JL: “I think it depends on every individual. The Classics are about ‘all-in’ in one day. In the Grand Tours, the riders looking for the stage wins need to wait until the stages that fit them best. Their goals are in the long term for the GC guys who need to consider the whole 3 weeks as one race. Here fatigue plays a big role. The riders with a good endurance and recovery capacity will manage better in the Grand Tours. This is when the work of the directeur sportif (sport director) is so important: They manage the efforts of the guys in every stage in order to see them arrive in the best psychological and physical condition on the right stage.” 

Q: What steps do athletes take each night to recover?

Dr. Andreas Gösele: “Immediately after the race (within the first 5 minutes), we try to give a protein shake to our riders. Amino acids, as well as glucose and rehydration, are the main goals within the first minutes and hour after the race. Later, the riders will eat a meal and refill their energy storages.
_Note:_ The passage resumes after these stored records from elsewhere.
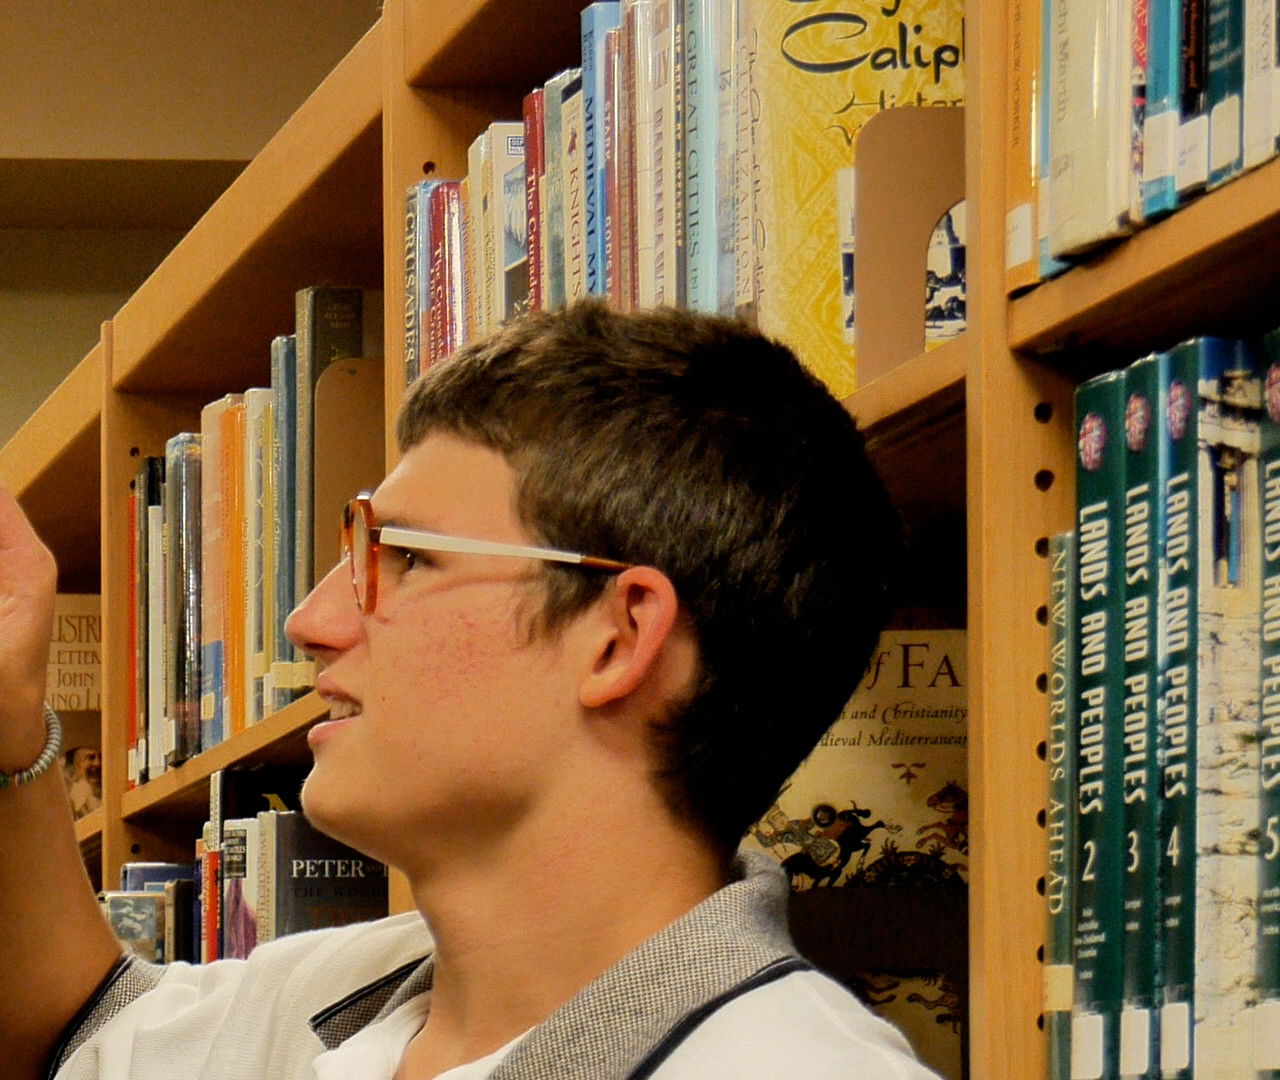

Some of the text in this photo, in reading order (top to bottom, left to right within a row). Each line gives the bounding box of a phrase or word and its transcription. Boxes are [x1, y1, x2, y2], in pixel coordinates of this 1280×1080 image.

[686, 31, 700, 141] GREAT
[780, 11, 964, 84] Calip
[585, 97, 596, 243] MEDIEVAL
[686, 149, 700, 260] CITIES
[740, 45, 750, 298] CIVILIZATION
[404, 212, 417, 363] CRUSADES
[525, 168, 537, 309] The Crusades
[569, 167, 582, 298] KNIGHTS
[57, 668, 95, 687] JOHN
[850, 702, 968, 725] and Christianity
[896, 643, 962, 689] FA
[1079, 500, 1109, 883] LANDS AND PEOPLES 2
[1123, 483, 1150, 873] LANDS AND PEOPLES 3
[1164, 472, 1190, 867] LANDS AND PEOPLES 4
[819, 732, 862, 747] dieval
[1048, 549, 1067, 915] NEW WORLDS AHEAD
[290, 859, 365, 878] PETER
[1264, 816, 1280, 861] 5
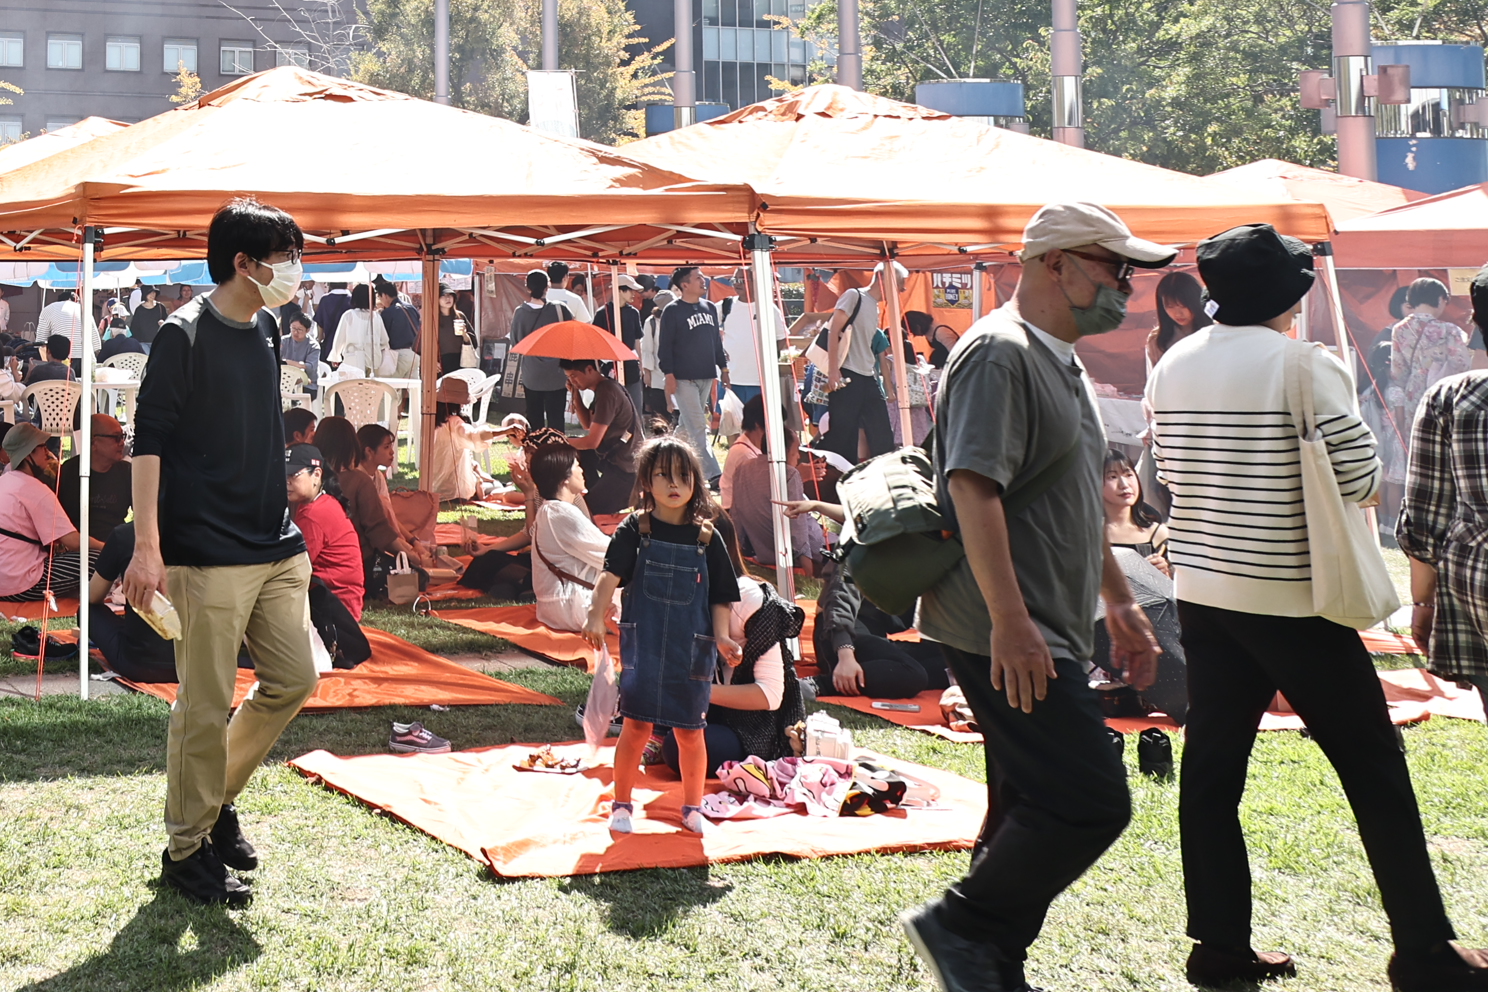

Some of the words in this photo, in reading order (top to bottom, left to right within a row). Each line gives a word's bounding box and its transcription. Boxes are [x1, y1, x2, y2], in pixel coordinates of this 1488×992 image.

[933, 273, 972, 288] ハチミツ
[687, 312, 715, 330] MIAMI
It is very important to rehydrate until the next day or stage. Before the riders go to bed, they will have another protein drink.
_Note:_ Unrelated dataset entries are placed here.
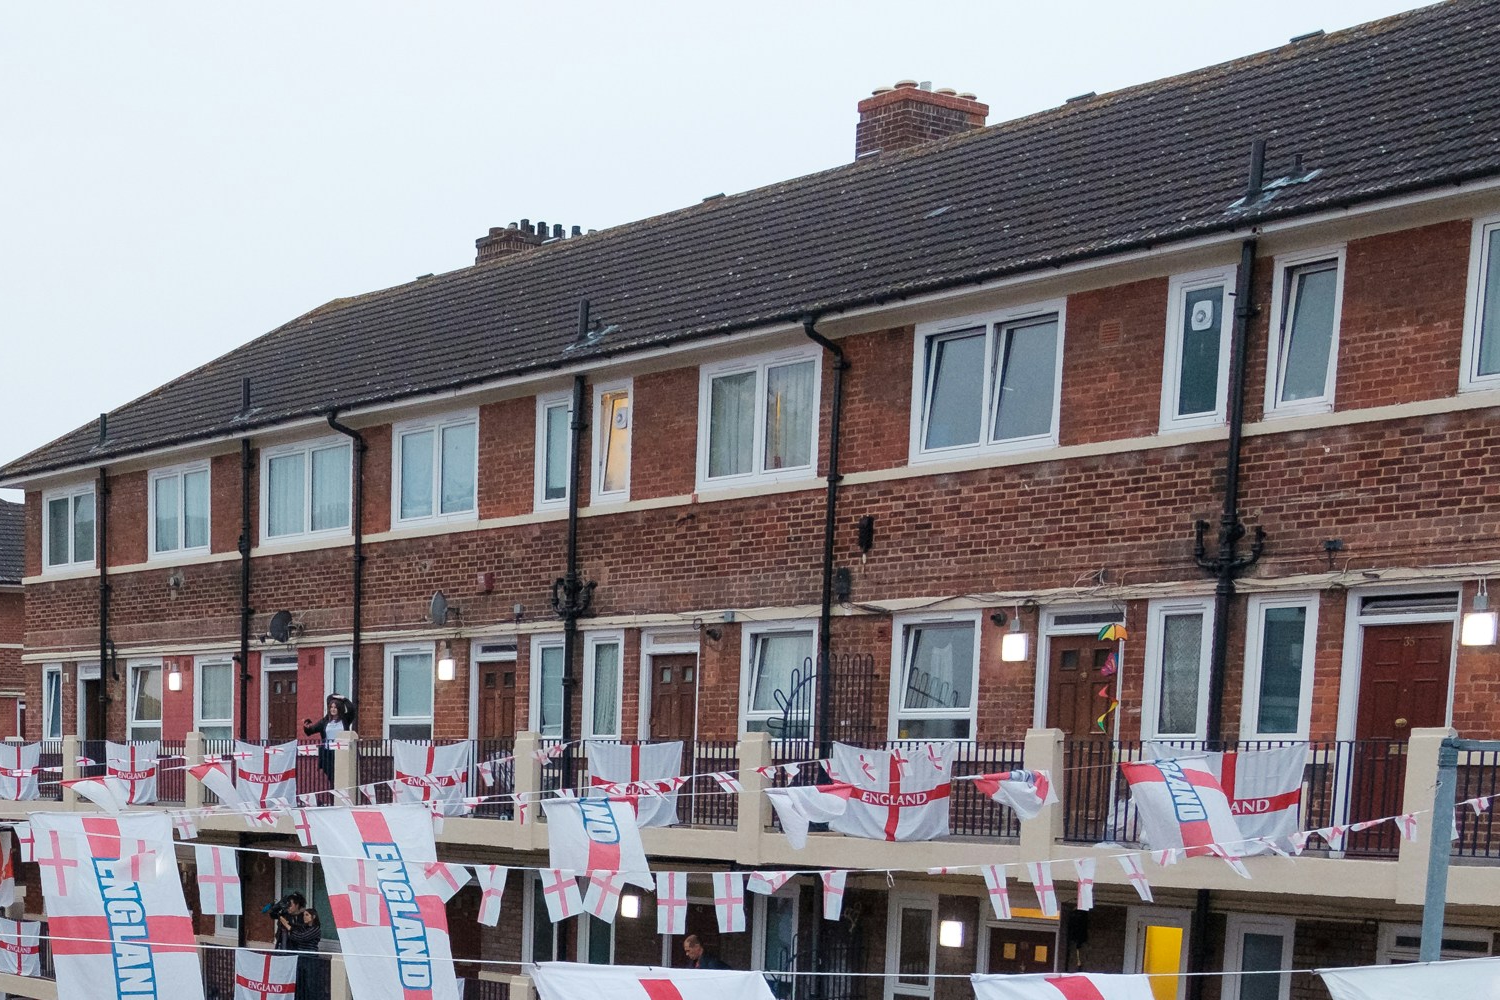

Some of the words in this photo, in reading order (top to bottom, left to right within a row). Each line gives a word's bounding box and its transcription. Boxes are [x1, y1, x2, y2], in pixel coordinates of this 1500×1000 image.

[117, 771, 148, 781] ENGLAND
[249, 773, 283, 784] ENGLAND
[861, 791, 928, 806] ENGLAND
[363, 842, 433, 991] ENGLAND
[248, 980, 283, 993] ENGLAND
The energy consumption for each rider depends on several factors: intensity, duration, weight of the athlete and temperature. In general, we can say that in mountain stages, it’s approximately 700-1000 kilojoules per hour [167-239 calories per hour]. In flat stages, the consumption is 500-800 kilojoules per hour [120-191 calories per hour]. They take anti-inflammatories only in the case of injuries.”

Q: What are the first signs a rider is overcooked and needs rest? In a stage race, is it possible to bounce back?

AG: “The signs are loss of performance, tired, bad sleep, low watts and high heart rate, nervousness and temper changes. Coming back from it depends on the next stages and goals. On flat stages, it is possible. If there is wind or climbs, then it is not possible or at least very hard."

Q: How does a rider compensate for sickness or colds?

AG: "Infections like colds or stomach problems are always very hard to compensate in long endurance sports. In flat stages, it is easier to handle than in mountain stages."

Q: When is it safe to compete and when is it not?

AG: "If a rider is suffering a lot (symptoms of pain, coughing, etc.) or in case of fever, we do not let him start."